## GIVEN DATA
++++++++++
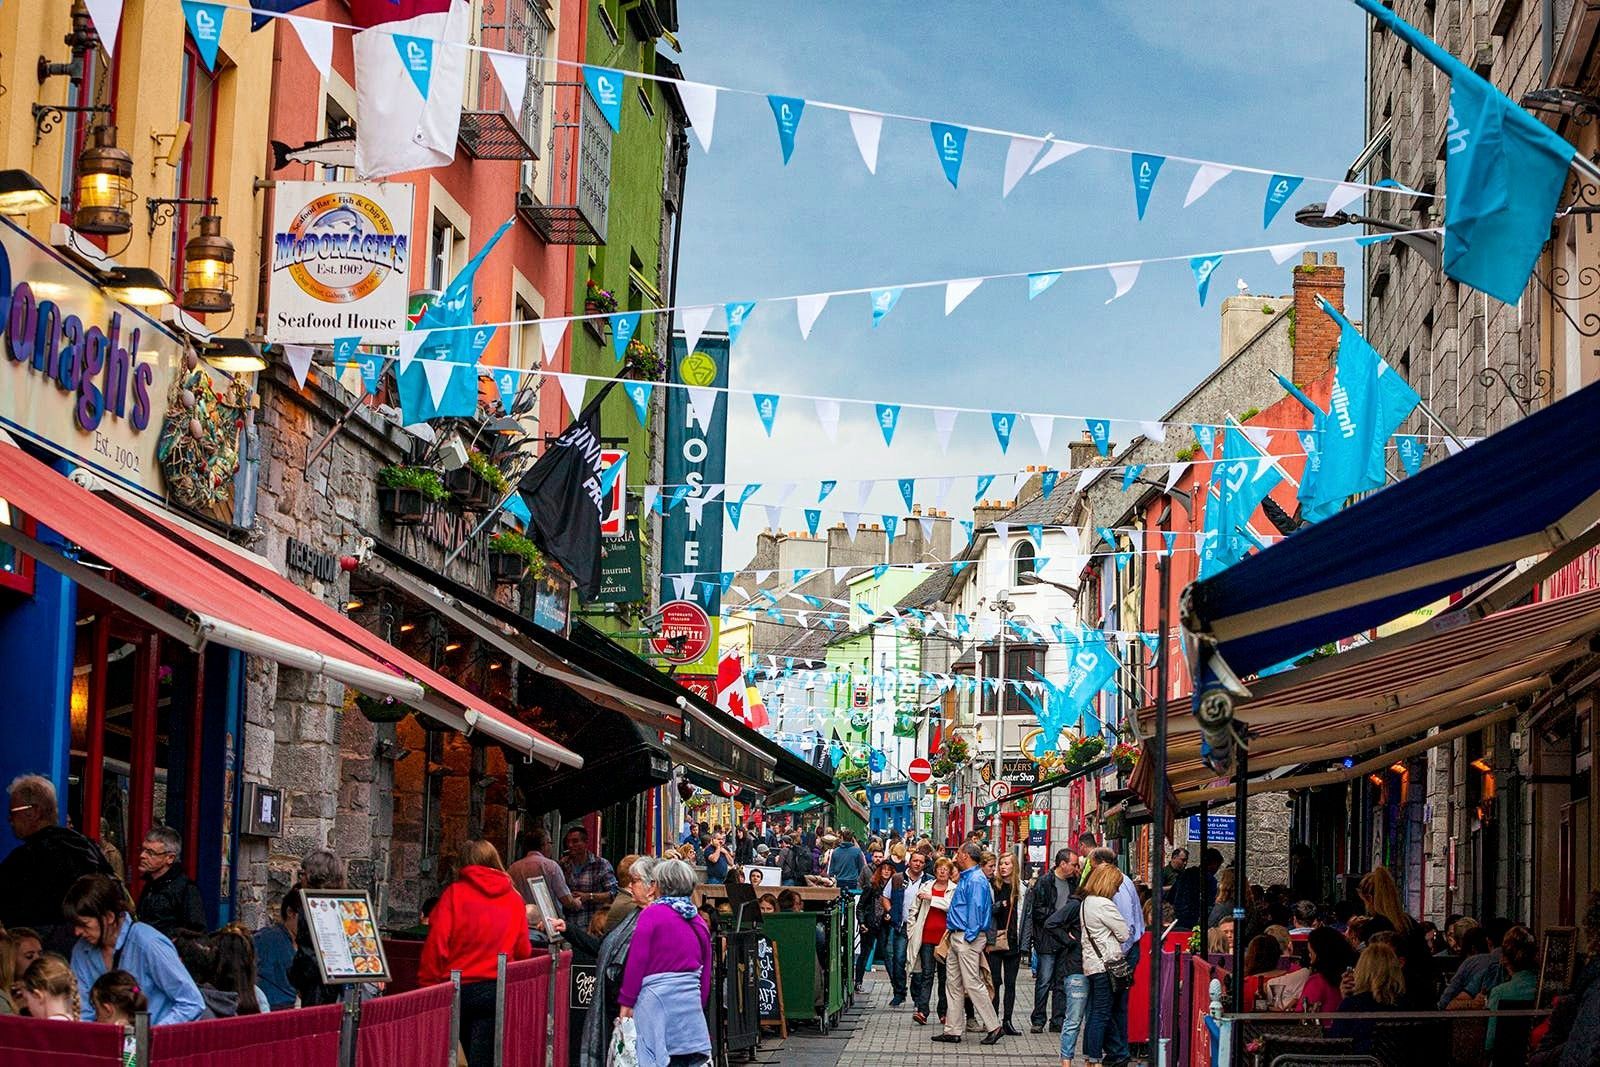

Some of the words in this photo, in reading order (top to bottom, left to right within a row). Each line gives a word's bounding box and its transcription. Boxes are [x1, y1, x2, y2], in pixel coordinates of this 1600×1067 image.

[293, 205, 317, 231] Seafood
[317, 199, 331, 210] Bar
[338, 196, 354, 205] Fish
[356, 199, 363, 207] &
[364, 203, 381, 219] Chip
[379, 215, 390, 232] Bar
[316, 263, 337, 275] Est.
[339, 264, 363, 276] 1902
[277, 311, 341, 329] Seafood
[348, 313, 397, 330] House
[0, 240, 152, 431] onagh's
[93, 430, 112, 458] Est.
[115, 444, 141, 474] 1902
[288, 539, 337, 581] RECEPTION
[602, 566, 631, 575] taurant
[605, 575, 614, 585] &
[600, 584, 626, 593] izzeria
[1003, 763, 1032, 771] ALLER'S
[1001, 773, 1019, 782] eater
[1019, 772, 1035, 782] Shop
++++++++++
## GOAL OF THE EXERCISE
All records above should be duplicated exactly, with the pictures omitted.

## OUTPUT FOR THIS TASK
Some of the words in this photo, in reading order (top to bottom, left to right within a row). Each line gives a word's bounding box and its transcription. Boxes are [x1, y1, x2, y2], in pixel coordinates of this 1600×1067 image.

[293, 205, 317, 231] Seafood
[317, 199, 331, 210] Bar
[338, 196, 354, 205] Fish
[356, 199, 363, 207] &
[364, 203, 381, 219] Chip
[379, 215, 390, 232] Bar
[316, 263, 337, 275] Est.
[339, 264, 363, 276] 1902
[277, 311, 341, 329] Seafood
[348, 313, 397, 330] House
[0, 240, 152, 431] onagh's
[93, 430, 112, 458] Est.
[115, 444, 141, 474] 1902
[288, 539, 337, 581] RECEPTION
[602, 566, 631, 575] taurant
[605, 575, 614, 585] &
[600, 584, 626, 593] izzeria
[1003, 763, 1032, 771] ALLER'S
[1001, 773, 1019, 782] eater
[1019, 772, 1035, 782] Shop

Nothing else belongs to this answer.